=== What the task asks ===
Begin at the line below that contains "Some of the words". Repeat it and all remaining lines of the records exactly.

=== Records shown ===
+===+

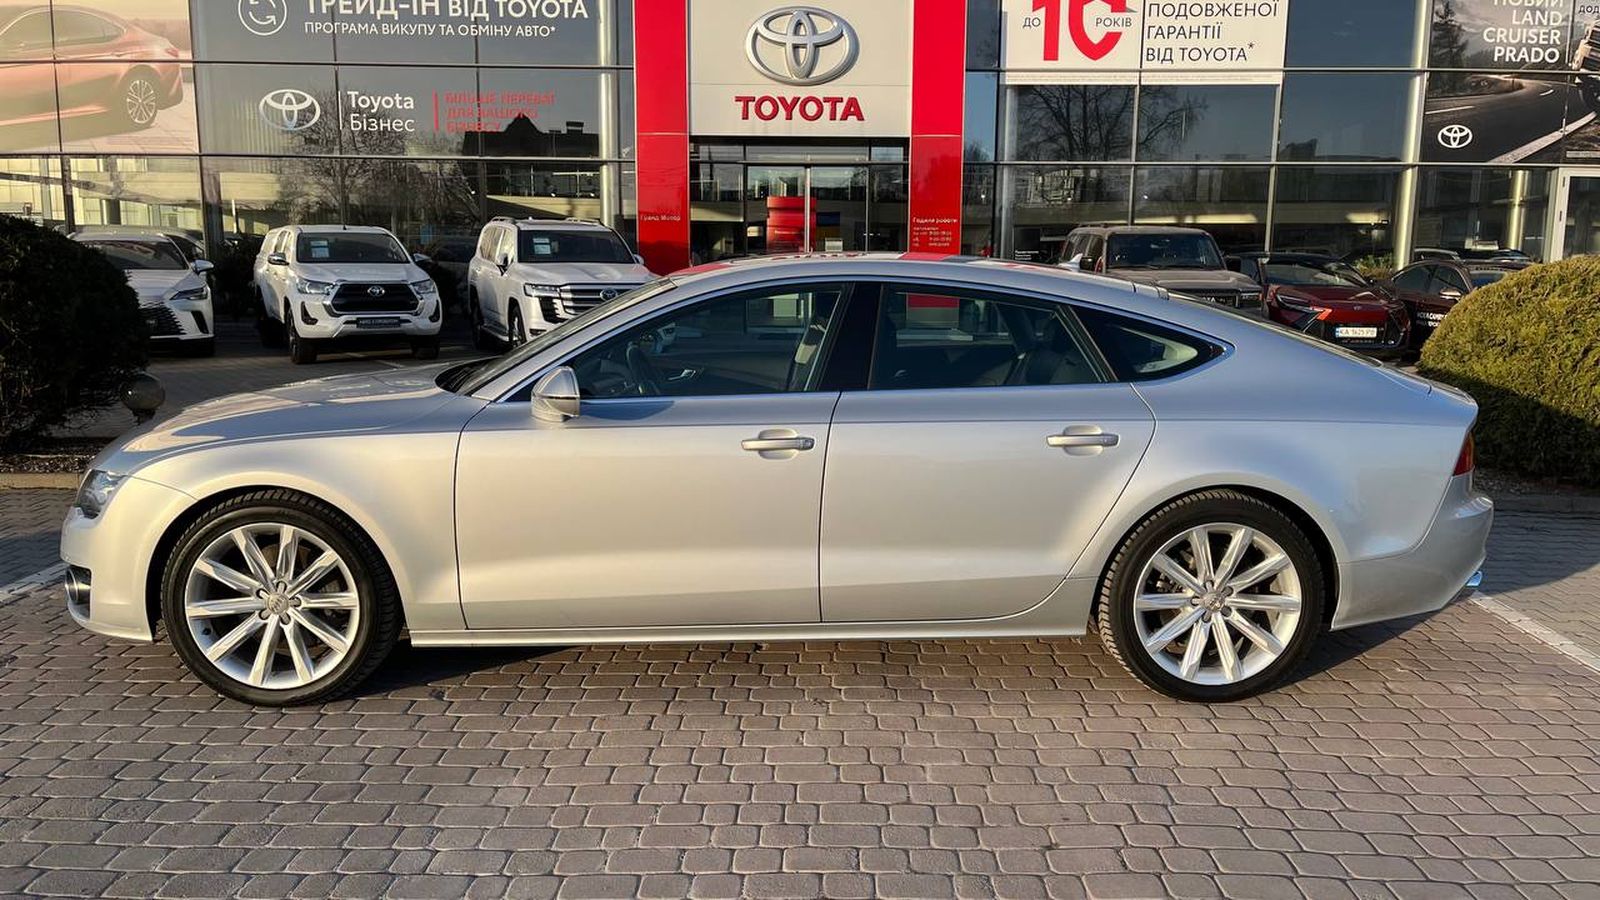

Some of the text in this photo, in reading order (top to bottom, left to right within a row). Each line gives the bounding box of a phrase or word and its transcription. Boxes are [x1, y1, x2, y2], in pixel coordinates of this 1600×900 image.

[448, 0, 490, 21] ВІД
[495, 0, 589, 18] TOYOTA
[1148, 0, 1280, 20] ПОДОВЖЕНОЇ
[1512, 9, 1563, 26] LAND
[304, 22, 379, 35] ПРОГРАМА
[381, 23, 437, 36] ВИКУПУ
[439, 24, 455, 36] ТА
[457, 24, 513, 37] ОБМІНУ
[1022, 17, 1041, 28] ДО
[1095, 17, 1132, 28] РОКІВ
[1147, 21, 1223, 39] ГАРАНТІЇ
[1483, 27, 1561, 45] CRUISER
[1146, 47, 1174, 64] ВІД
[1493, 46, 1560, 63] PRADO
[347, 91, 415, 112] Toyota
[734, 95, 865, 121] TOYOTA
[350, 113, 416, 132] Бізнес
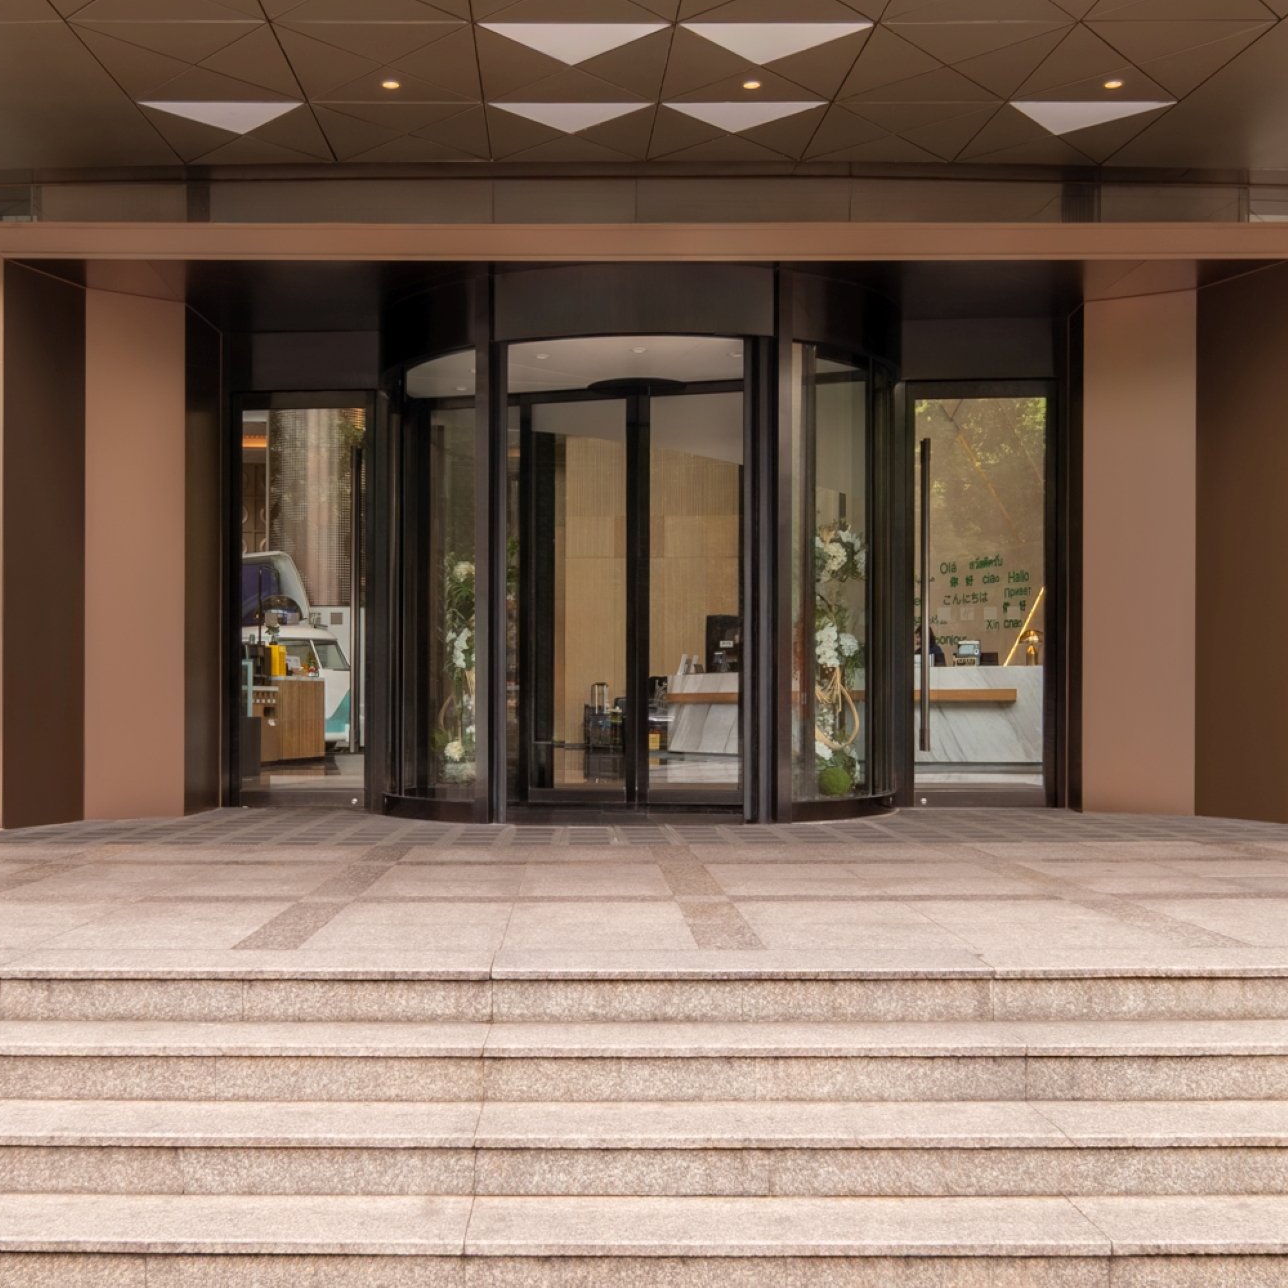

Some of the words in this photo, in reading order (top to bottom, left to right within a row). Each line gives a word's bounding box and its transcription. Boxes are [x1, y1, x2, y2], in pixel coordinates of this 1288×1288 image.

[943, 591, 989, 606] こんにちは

+===+

=== Exercise output ===
Some of the words in this photo, in reading order (top to bottom, left to right within a row). Each line gives a word's bounding box and its transcription. Boxes are [x1, y1, x2, y2], in pixel coordinates of this 1288×1288 image.

[943, 591, 989, 606] こんにちは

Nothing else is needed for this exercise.